Accusation. Hard. Direct.
“There’s a lot of bad people on the street.” I sniffed. Looked away. Felt Tristan’s eyes on me like lead.
“That there are,” Lennon agreed, and I turned back to him.
We stared each other down, the air between us twisting into barbed wire. Then Lennon flapped his hand at Tristan, my Tricky, as if introducing some casual stranger.
“He’s his defence counsel.”
My heart punched my ribs. Only then did I let myself look at Tristan.
Properly. For a single beat. And fuck. He looked back at me with those impossible blue eyes, hitting me as hard as getting clipped in the jaw.
Pulled something out of me I didn’t want anyone to see, too.
Certainly not here. In front of Lennon. Or anywhere public enough for the world to carve it open.
“You alright?” Lennon tilted his head. “You look like you seen a ghost.”
I tore my gaze from Tristan. “Not likely.”
“Cause he ain’t chasing you no more, eh?”
My jaw locked. No answer. None that wouldn’t blow my world apart.
Tristan straightened, professionalism sliding over him like a suit of armour. “I have a hearing.”
Our eyes met. Just a second. But enough for my stomach to drop clear through me.
And Lennon fucking saw it. All of it. Because he always had.
No matter how hard I tried to shield things from him, he knew me.
Knew the tells. The shifts. The way I softened without meaning to, same way he’d clocked me back in the day when Levi walked into a room and my guard slipped for half a breath.
Same thing now.
Worse now.
Because the man I was looking at was Tristan. And Lennon saw me following him with my eyes as he turned and walked into that courthouse, fingers sliding beneath his collar where I’d had my tongue last night.
I hated it.
Hated how easily Tristan unravelled me.
How Lennon clocked it.
Mostly hated myself for not being able to look the fuck away.
I ripped my gaze from behind the glass and turned it on Lennon. “You here for Billy then?”
“Yeah.” He eyed me. “He started coming down the gym. Thought I’d got through. Obviously not.”
“Ain’t his fault, Len.”
“I know.” His glare burnt a hole clean through me.
“Ain’t my gear either.” I lowered my voice so it wouldn’t travel to whoever might be listening in.
It wasn’t the place to have this conversation, but I needed Lennon to understand.
I’d spent so long with him hating me. Justifiably, sure.
But hate is exhausting. And he already had way too much on his plate.
“You know I don’t poach kids. Don’t peddle shit cut with God-knows-what. ”
“Whatever, Rich.” Lennon went to shoulder past me.
I didn’t want to leave it like that. Us, distant and sharp-edged. “How’s fatherhood? Those babies keepin’ you up?”
He paused.
Micah and Marley. His New Year miracles. Twelve hours of labour, emergency section. All the things he’d never tell me himself. I only knew because Amara sent me a photo. And I sent flowers and those stupid matching baby suits without signing my name, hoping he’d let them in the house.
‘Uncle Rich’ hadn’t been welcome for a long time.
Might never be.
“They’re good.” For a heartbeat, he was the old Lennon. The one who’d once been my brother. “You should consider it.”
“Babies?” I snorted. “Get enough of that with Maisie. Kid’s nearly crawling now.”
“Yeah. Amara sees her down at some stay-and-play in the church hall.”
I nodded, my gut twisting. “Funny how life goes full circle, right?”
Lennon turned fully towards me. “Why you here, Rich?”
I hesitated, then let it out. “Darren’s hearing.”
“Come to support him, have ya?”
“You know as well as I do, he deserves nothing but a cell. He was handed a dozen outs. Took none. Didn’t spare a thought for Keeley or that baby. And he sure as fuck didn’t spare one for me.” My voice dropped. “I’m here to rectify his thinking.”
“You’re here to threaten him. Don’t dress it up.”
I exhaled. “And if I go down, what happens to Kee then?”

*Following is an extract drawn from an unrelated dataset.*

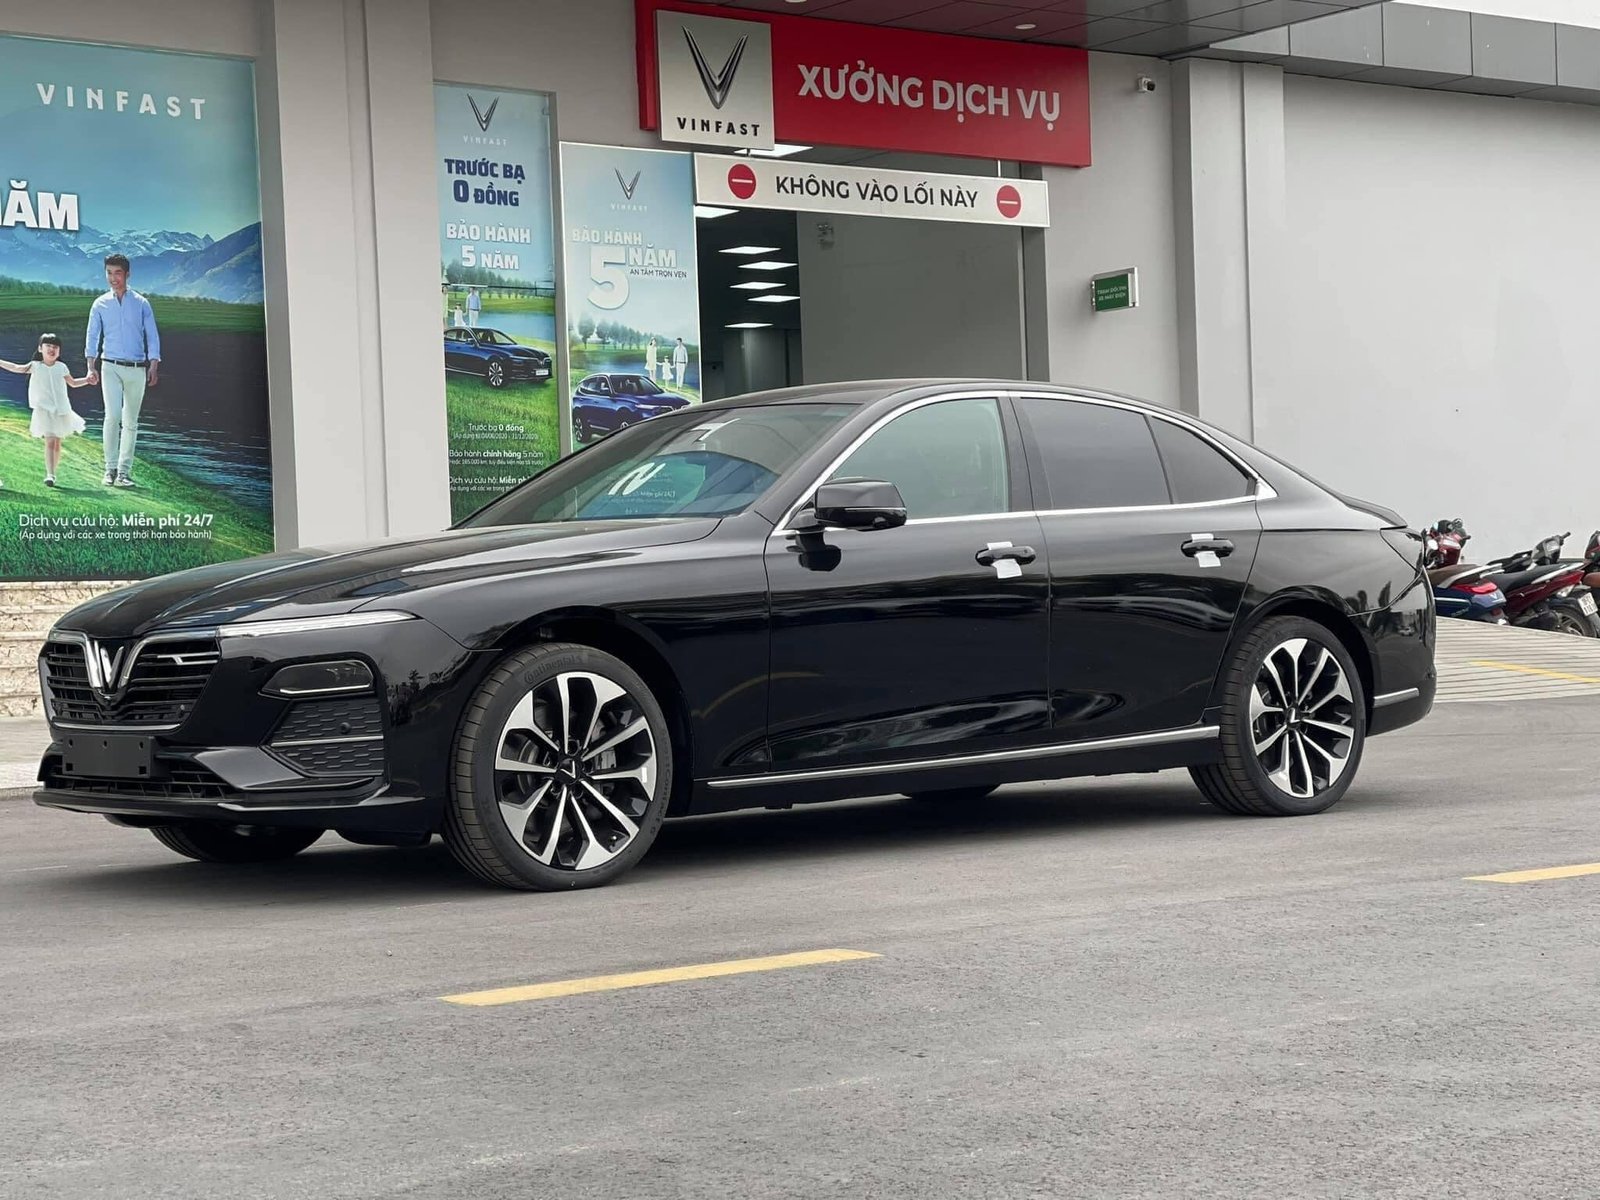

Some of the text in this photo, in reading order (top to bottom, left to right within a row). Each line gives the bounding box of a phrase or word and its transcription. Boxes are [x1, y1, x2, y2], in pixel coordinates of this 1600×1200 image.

Lennon’s expression shifted. Pain, anger, something darker. And I glanced back through the glass as Tristan finished speaking to some bloke in a suit, shook his hand, and walked off towards another courtroom. Lennon caught it. Caught me watching.
Caught too much.
“I’m gonna give you one chance right now.
” He turned back to me. “One chance to speak. And I’ll forget every fuck-up between us long enough to listen.
To be your mate. Your fucking conscience, if I have to.
Like when we sat on the tower rooftop, thinking the city’d be ours.
When we talked shit that mattered and shit that didn’t. ”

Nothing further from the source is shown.